Exercise prompt –
Given the records below, transcribe each of them exactly.

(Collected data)

* * *

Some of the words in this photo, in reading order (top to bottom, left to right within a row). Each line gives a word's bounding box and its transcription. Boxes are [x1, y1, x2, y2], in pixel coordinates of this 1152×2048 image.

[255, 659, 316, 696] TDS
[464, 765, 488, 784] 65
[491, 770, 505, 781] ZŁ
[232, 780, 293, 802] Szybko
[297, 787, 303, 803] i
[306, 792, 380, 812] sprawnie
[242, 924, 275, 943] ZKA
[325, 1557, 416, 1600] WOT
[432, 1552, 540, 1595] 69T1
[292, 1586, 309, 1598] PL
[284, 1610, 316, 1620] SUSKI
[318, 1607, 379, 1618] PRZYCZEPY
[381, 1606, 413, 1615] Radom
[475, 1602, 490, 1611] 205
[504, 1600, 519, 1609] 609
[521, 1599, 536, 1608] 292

* * *

The completed task –
Some of the words in this photo, in reading order (top to bottom, left to right within a row). Each line gives a word's bounding box and its transcription. Boxes are [x1, y1, x2, y2], in pixel coordinates of this 1152×2048 image.

[255, 659, 316, 696] TDS
[464, 765, 488, 784] 65
[491, 770, 505, 781] ZŁ
[232, 780, 293, 802] Szybko
[297, 787, 303, 803] i
[306, 792, 380, 812] sprawnie
[242, 924, 275, 943] ZKA
[325, 1557, 416, 1600] WOT
[432, 1552, 540, 1595] 69T1
[292, 1586, 309, 1598] PL
[284, 1610, 316, 1620] SUSKI
[318, 1607, 379, 1618] PRZYCZEPY
[381, 1606, 413, 1615] Radom
[475, 1602, 490, 1611] 205
[504, 1600, 519, 1609] 609
[521, 1599, 536, 1608] 292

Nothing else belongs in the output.